Gen Re erbringt Dienstleistung für Protektor und andere

Von Herbert Fromme Protektor, die Auffanggesellschaft der deutschen Assekuranz für Not leidende Lebensversicherer, lässt ihre Kapitalanlagen seit Ende 2003 in Köln verwalten.

Die GeneralCologne Re Capital (GRC) gewann den Auftrag gegen heftige Konkurrenz. Die Tochter des amerikanischen Rückversicherungskonzerns Gen Re konnte die nötige Erfahrung vorweisen: Das Unternehmen ist darauf spezialisiert, Kapitalanlagen von kleinen und mittleren Versicherern zu verwalten.

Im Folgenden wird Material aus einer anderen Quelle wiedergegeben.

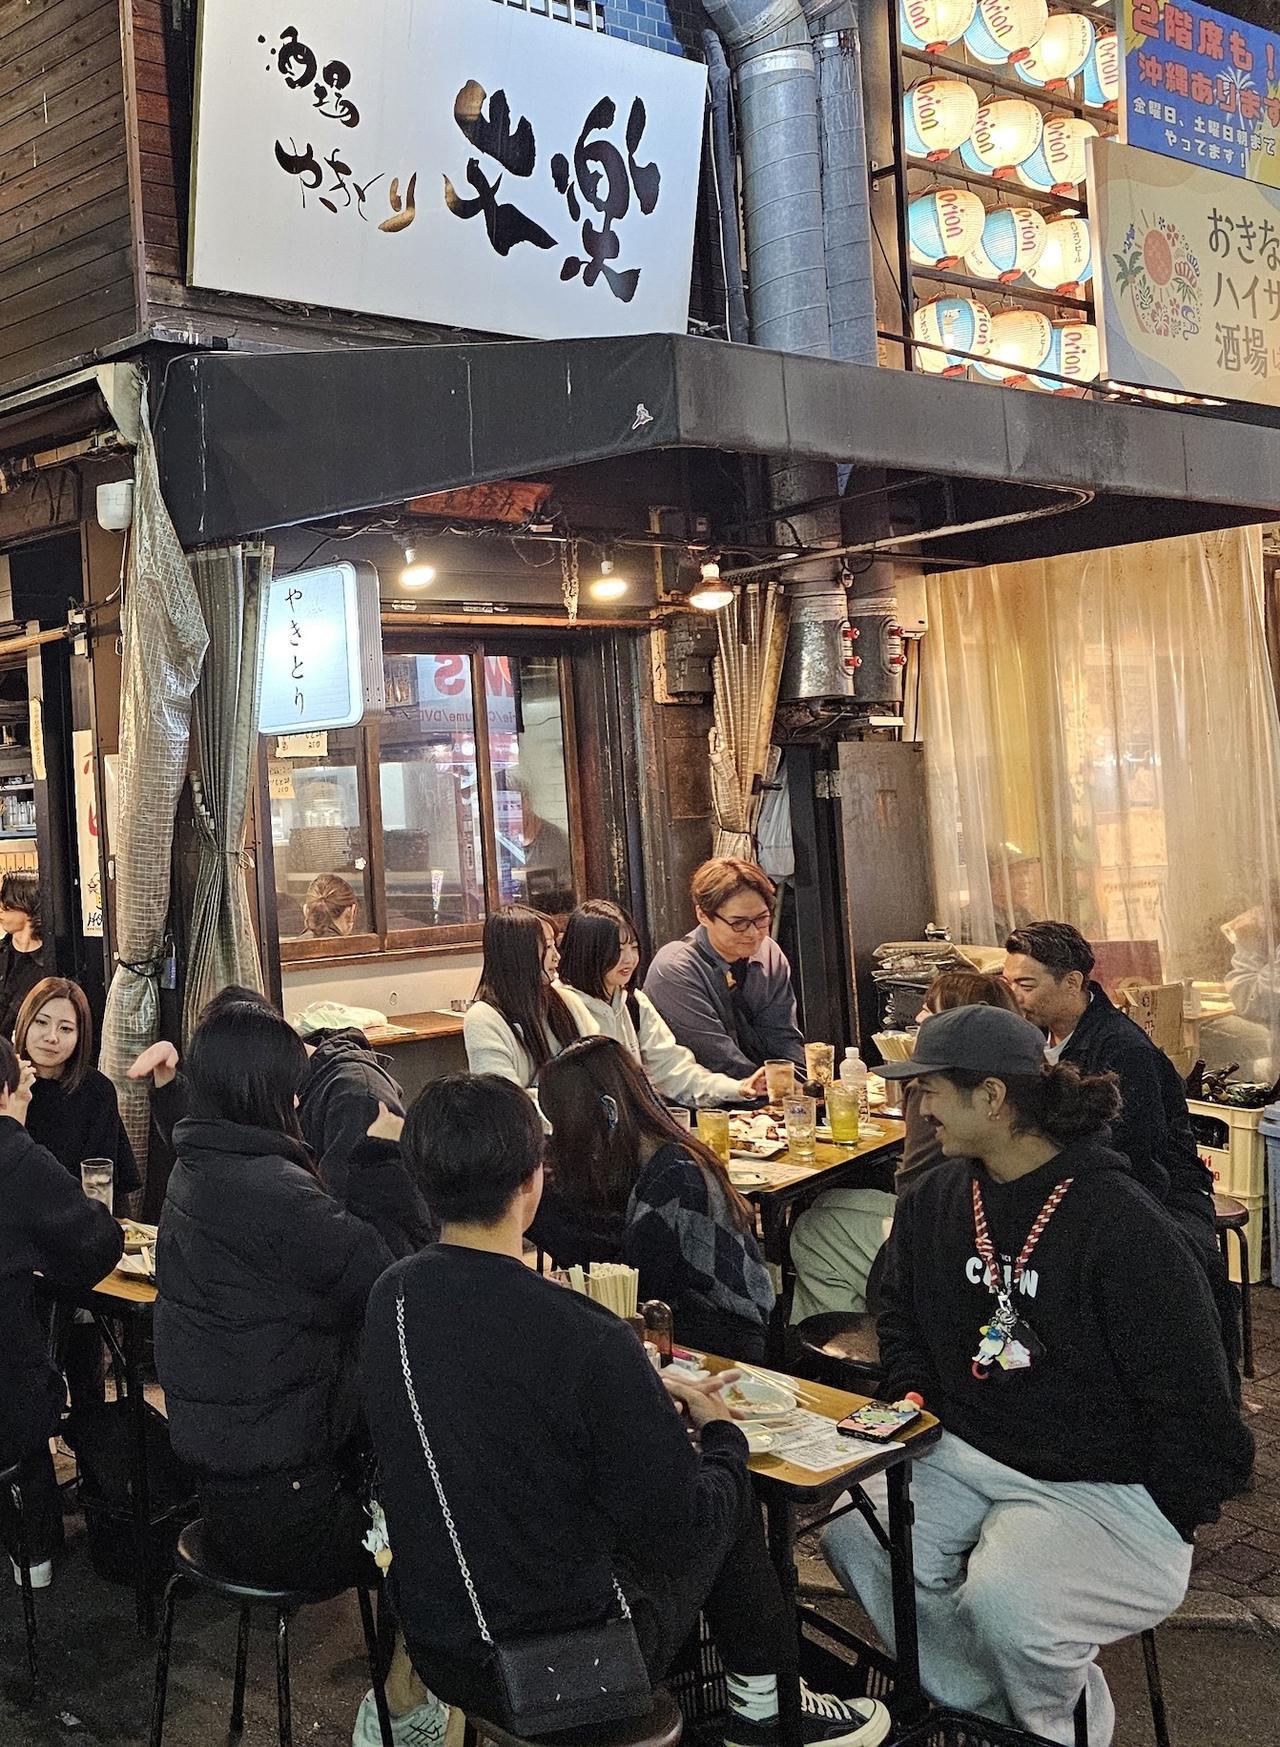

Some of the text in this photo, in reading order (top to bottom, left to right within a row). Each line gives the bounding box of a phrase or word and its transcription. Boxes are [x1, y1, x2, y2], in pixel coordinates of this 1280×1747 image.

[917, 84, 942, 131] Orion
[975, 107, 996, 154] Orion
[1047, 122, 1071, 163] Orion
[938, 191, 965, 239] Orion
[1015, 209, 1040, 251] Orion
[1064, 331, 1087, 375] Orion
[1215, 321, 1268, 378] 酒場
[285, 588, 305, 716] やきとり

„Versicherer haben andere Ansprüche an ein Asset Management als andere Unternehmen“, sagte Managerin Andrea Simokat. „Dem Versicherer geht es um langfristige bilanzielle Ziele.“ Kapitalanlagen eines Versicherers könne man nicht mit dem Ziel eines relativen Returns gegenüber einer Benchmark verwalten, sagt ihr Kollege Gerd Weidenfeld.

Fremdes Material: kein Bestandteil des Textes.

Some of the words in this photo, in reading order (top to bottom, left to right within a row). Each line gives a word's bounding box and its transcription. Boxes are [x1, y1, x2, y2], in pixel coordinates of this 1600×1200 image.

Für kleine Versicherer wird es zunehmend komplizierter, die Kapitalanlagen so zu verwalten, dass sie konkurrenzfähig bleiben und die Anforderungen der Aufsicht erfüllen. „Aufbauend auf einer Asset-Liability- Management-Analyse planen wir mit dem Kunden die Kapitalanlage, setzen sie um und übernehmen alle Verwaltungstätigkeiten einschließlich der aufsichtsrechtlichen Anforderungen“, sagte Simokat. Gen Re betrachtet die Kapitalanlage deshalb als Serviceangebot für seine Kunden – auch wenn der Konzern damit natürlich Geld verdienen will. „Zu unseren wichtigen Konkurrenten gehören Ampega von der Talanx und die Münchener-Rück-Tochter Meag.“

GRC verwaltet zurzeit Mittel in Höhe von 17,3 Mrd. Euro, davon sind 11,2 Mrd. Euro Gelder von Drittkunden, der Rest Anlagen der Gen Re. „Unsere Zielkunden sind ausschließlich Erst- und Rückversicherer, Pensionskassen und Versorgungswerke“, sagte Weidenfeld. Neben Protektor gehören die Vereinigte Postversicherung, ein Versicherer in Dublin und ein ungenannter deutscher Versicherer zu den Kunden, die ihre Kapitalanlagen ausgelagert haben. Daneben verwalten die 58 Mitarbeiter Teile der Kapitalanlagen für neun weitere Kunden.